Subhayun Banerjee, an MBA student of Eastern Institute of Management who was seen jostling in the crowd and holding aloft his mobile phone camera to record the proceedings, said he is not politically affiliated but is in “awe of the greatest leader in India” and so he had come to pay his last respects to him. “He was one of the most intelligent politicians I have read of and I wouldn’t miss a chance to pay my respects to him,” says Banerjee, who had come with Andrew Rumbach, a student of Cornell University in New York who is in Kolkata to pursue a course at the Centre for Studies in Social Sciences.

“I studied Indian politics in college and that is how I was initiated to Jyoti Basu. I know he is big, not only in Kolkata, but also in the history of the Communist movement in the country,” said Rumbach.

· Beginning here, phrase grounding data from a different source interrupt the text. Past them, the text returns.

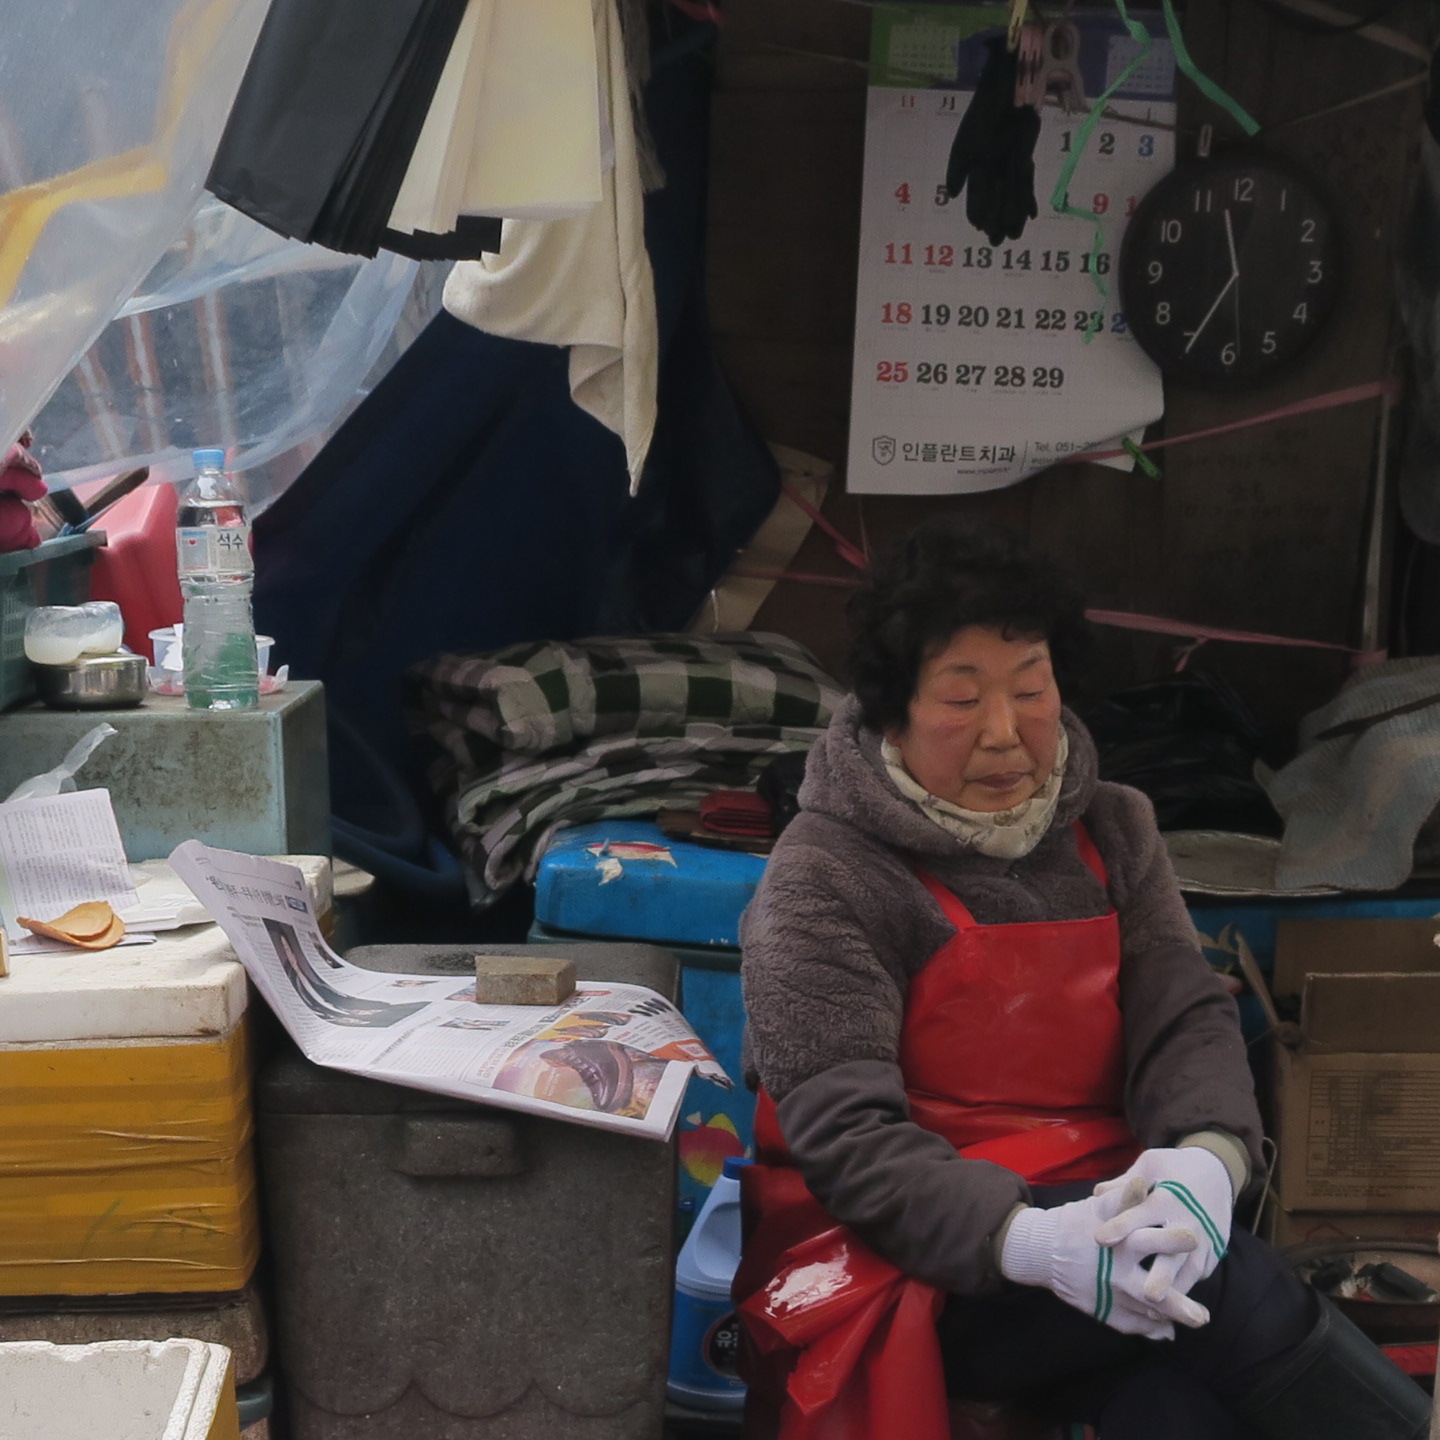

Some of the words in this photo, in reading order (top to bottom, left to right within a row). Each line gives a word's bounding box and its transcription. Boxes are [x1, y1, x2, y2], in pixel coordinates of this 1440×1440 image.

[1061, 131, 1072, 153] 1
[1098, 133, 1115, 155] 2
[1138, 134, 1155, 157] 3
[894, 182, 911, 205] 4
[934, 184, 950, 206] 5
[1195, 189, 1212, 213] 11
[1234, 177, 1255, 202] 12
[1092, 192, 1109, 215] 9
[1160, 219, 1183, 244] 10
[1300, 218, 1316, 243] 2
[884, 243, 913, 265] 11
[924, 244, 954, 267] 12
[961, 246, 993, 269] 13
[1001, 248, 1032, 271] 14
[1039, 250, 1070, 273] 15
[1078, 252, 1110, 275] 16
[1147, 260, 1164, 285] 9
[1307, 260, 1323, 284] 3
[880, 302, 913, 325] 18
[921, 303, 951, 326] 19
[957, 305, 990, 328] 20
[996, 307, 1025, 330] 21
[1034, 309, 1067, 331] 22
[1073, 310, 1104, 333] 23
[1155, 301, 1172, 326] 8
[1292, 301, 1309, 325] 4
[1220, 342, 1236, 366] 6
[1261, 330, 1277, 355] 5
[875, 360, 909, 383] 25
[915, 362, 948, 385] 26
[955, 363, 986, 386] 27
[993, 365, 1027, 388] 28
[1032, 366, 1065, 389] 29
[901, 440, 1017, 464] 인플란트치과
[216, 532, 244, 551] 석수
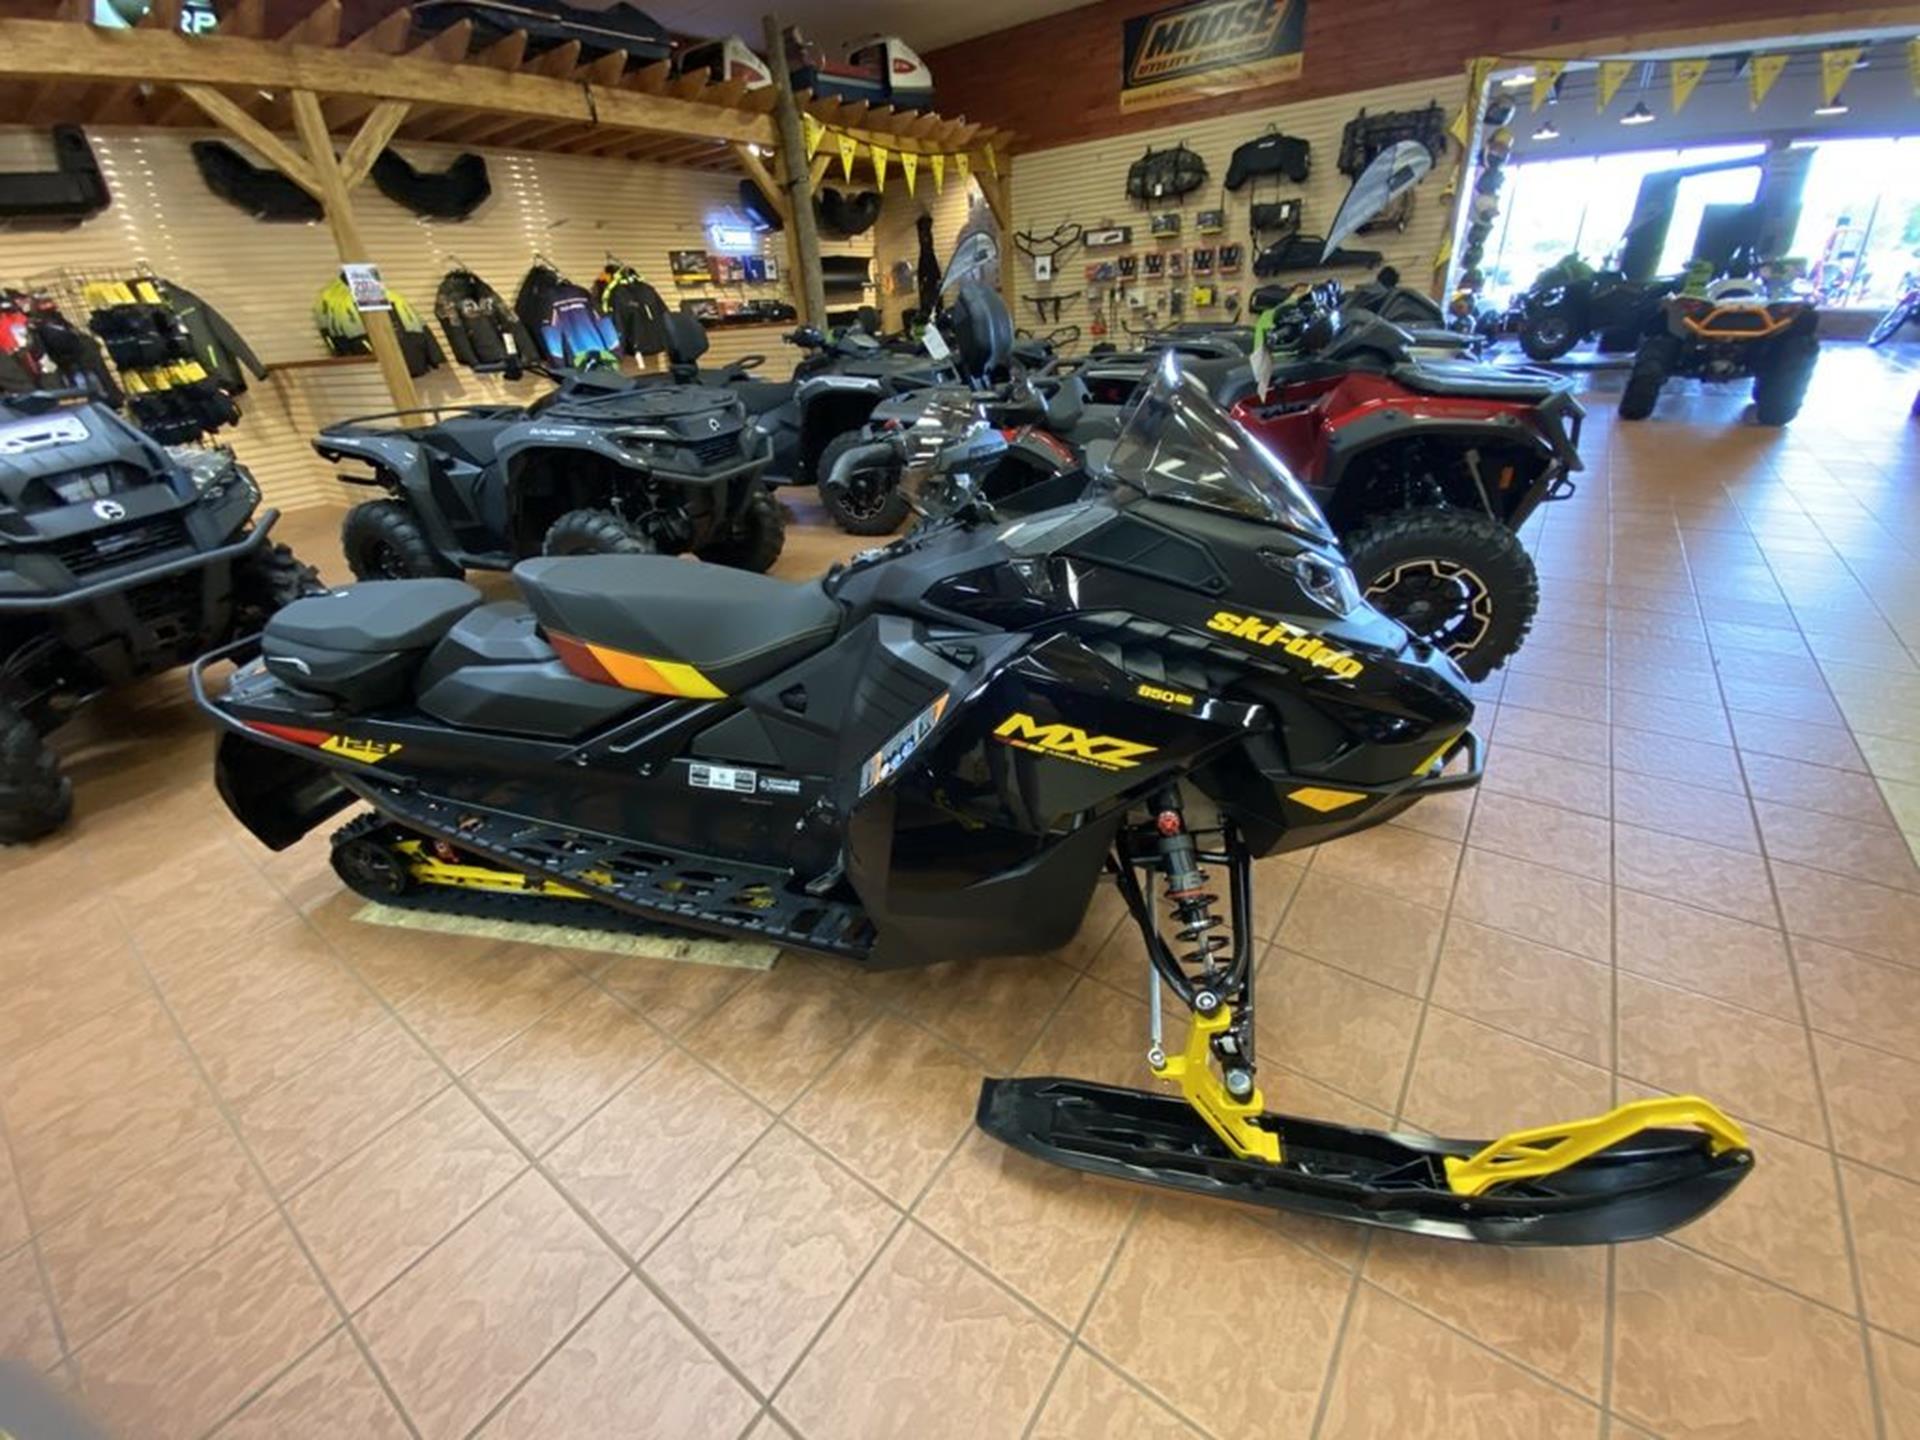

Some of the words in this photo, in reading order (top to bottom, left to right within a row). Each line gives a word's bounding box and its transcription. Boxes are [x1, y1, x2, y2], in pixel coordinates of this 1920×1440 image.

[1145, 0, 1284, 59] MOOSE
[1206, 611, 1364, 679] ski-doo
[1138, 684, 1174, 702] 850
[993, 713, 1158, 768] MXZ
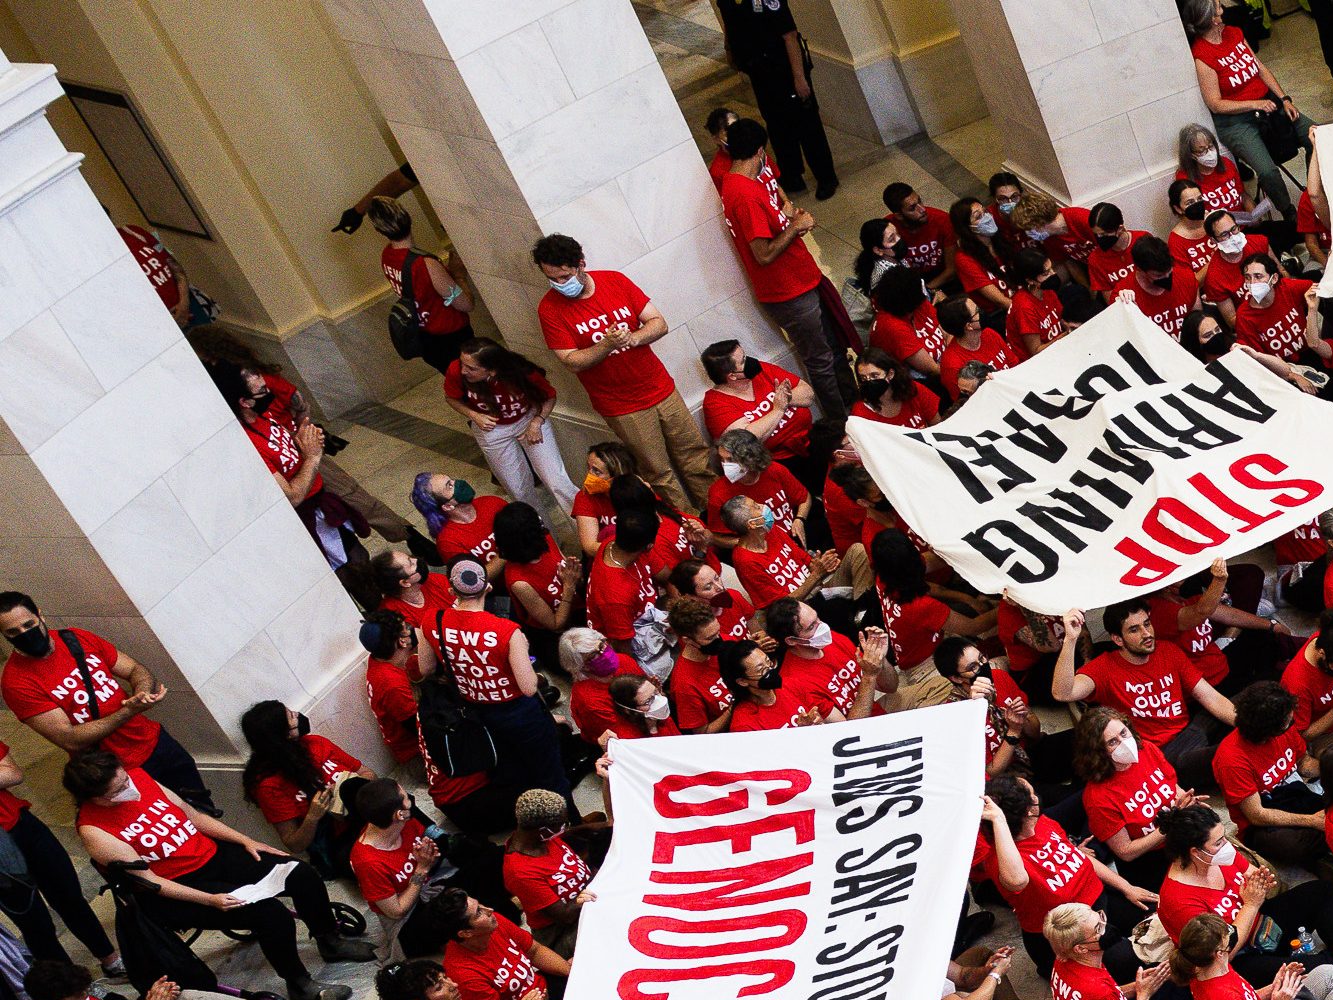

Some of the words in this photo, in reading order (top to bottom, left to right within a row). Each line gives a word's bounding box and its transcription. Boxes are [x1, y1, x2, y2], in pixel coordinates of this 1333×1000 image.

[1218, 52, 1237, 67] NOT
[1235, 41, 1247, 55] IN
[1229, 53, 1253, 73] OUR
[575, 313, 608, 335] NOT
[613, 306, 631, 321] IN
[961, 358, 1277, 584] ARMING
[1114, 453, 1324, 587] STOP
[780, 543, 793, 558] IN
[774, 558, 799, 587] OUR
[52, 668, 84, 700] NOT
[1125, 681, 1154, 695] NOT
[1159, 673, 1174, 689] IN
[1135, 690, 1171, 709] OUR
[832, 736, 923, 828] JEWS
[1124, 782, 1150, 812] NOT
[1150, 767, 1167, 784] IN
[1141, 784, 1174, 818] OUR
[120, 813, 151, 841] NOT
[148, 799, 169, 815] IN
[140, 813, 181, 848] OUR
[140, 819, 198, 863] NAME
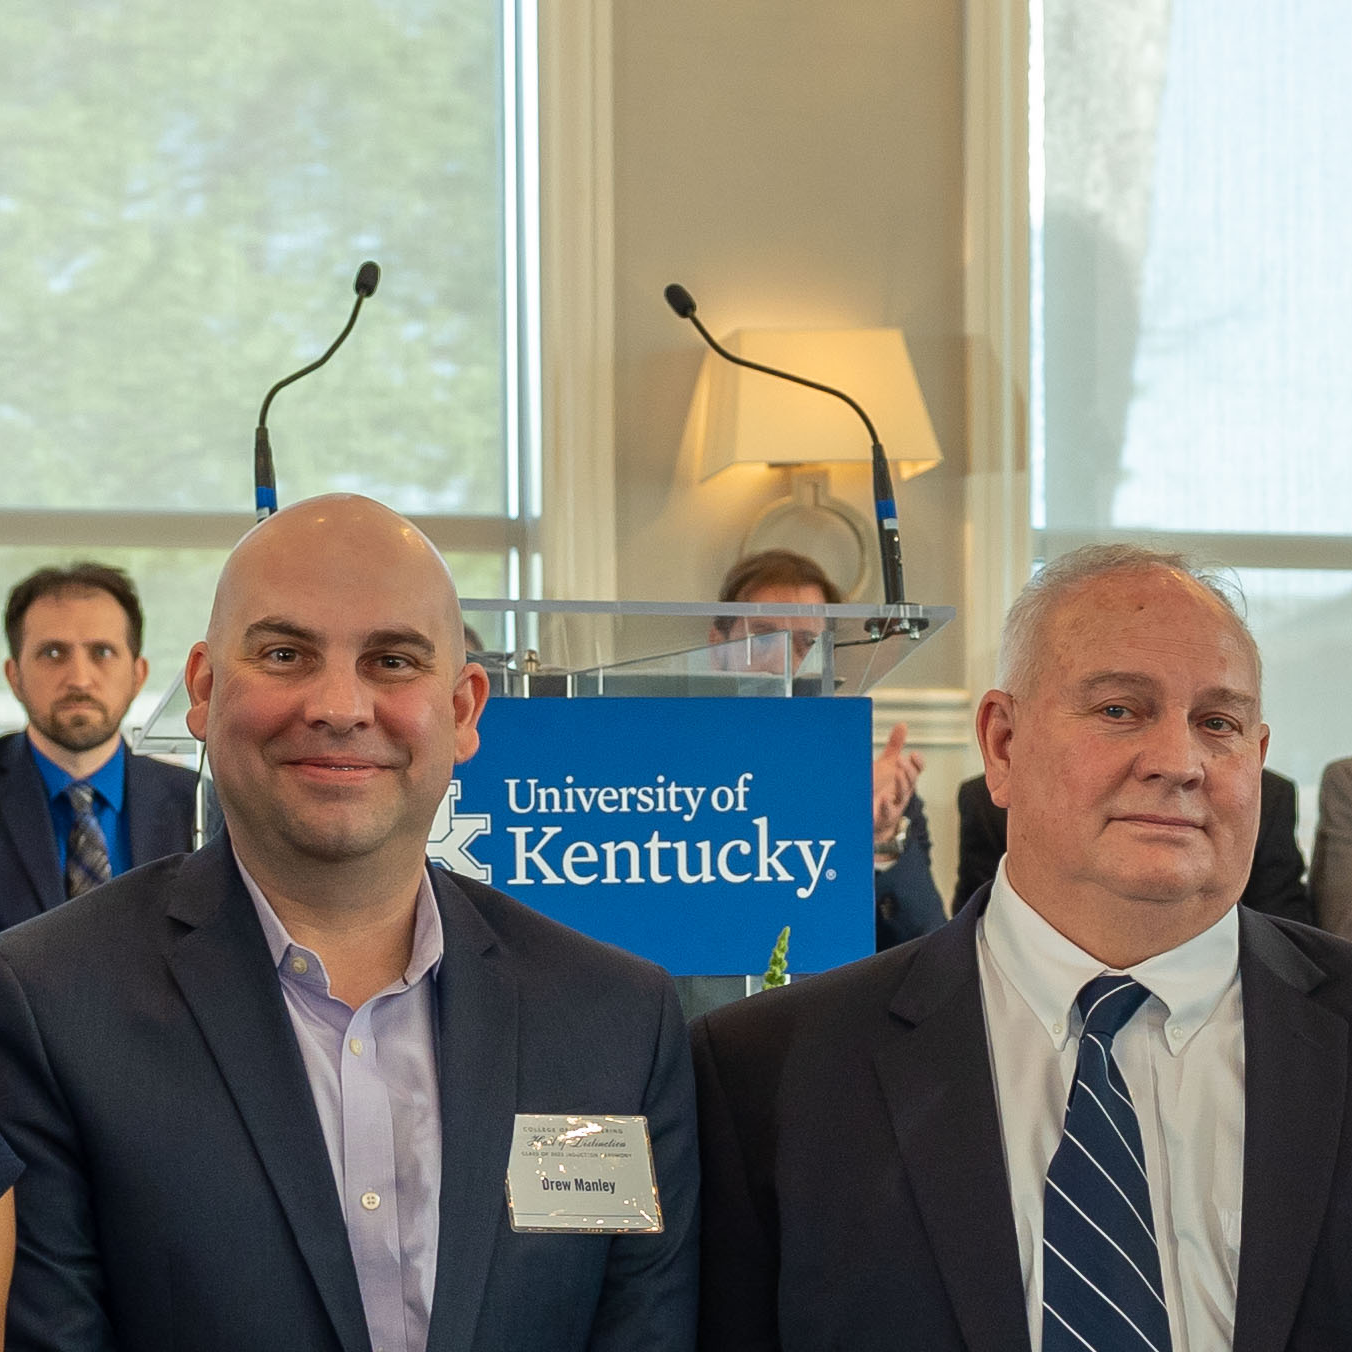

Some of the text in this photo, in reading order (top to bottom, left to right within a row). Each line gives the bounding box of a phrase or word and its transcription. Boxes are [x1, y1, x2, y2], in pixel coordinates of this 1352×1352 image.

Sumon Das, a Class XI student from Metiabruz, had dug heels at the state Assembly to get a last glimpse of Basu since 11 am. “But I left the queue to get water and am not being let in again. Come what may, I will not give up trying to catch a glimpse of our leader. I had even tried going to the hospital when he was admitted, but I wasn’t let in,” says Das.

However, there were others who were there to watch the great spectacle. “It’s a big event. We have not seen a crowd like this even during the political processions that paralyse the city every other day,” says Srirupa De, an intern at the SSKM hospital who had walked down to Mohur Kunj with her friends to watch the proceedings.

Rinki Majumder (14), who lives in south Kolkata, was being virtually dragged around by her mother in the crowd to catch a glimpse of the proceedings.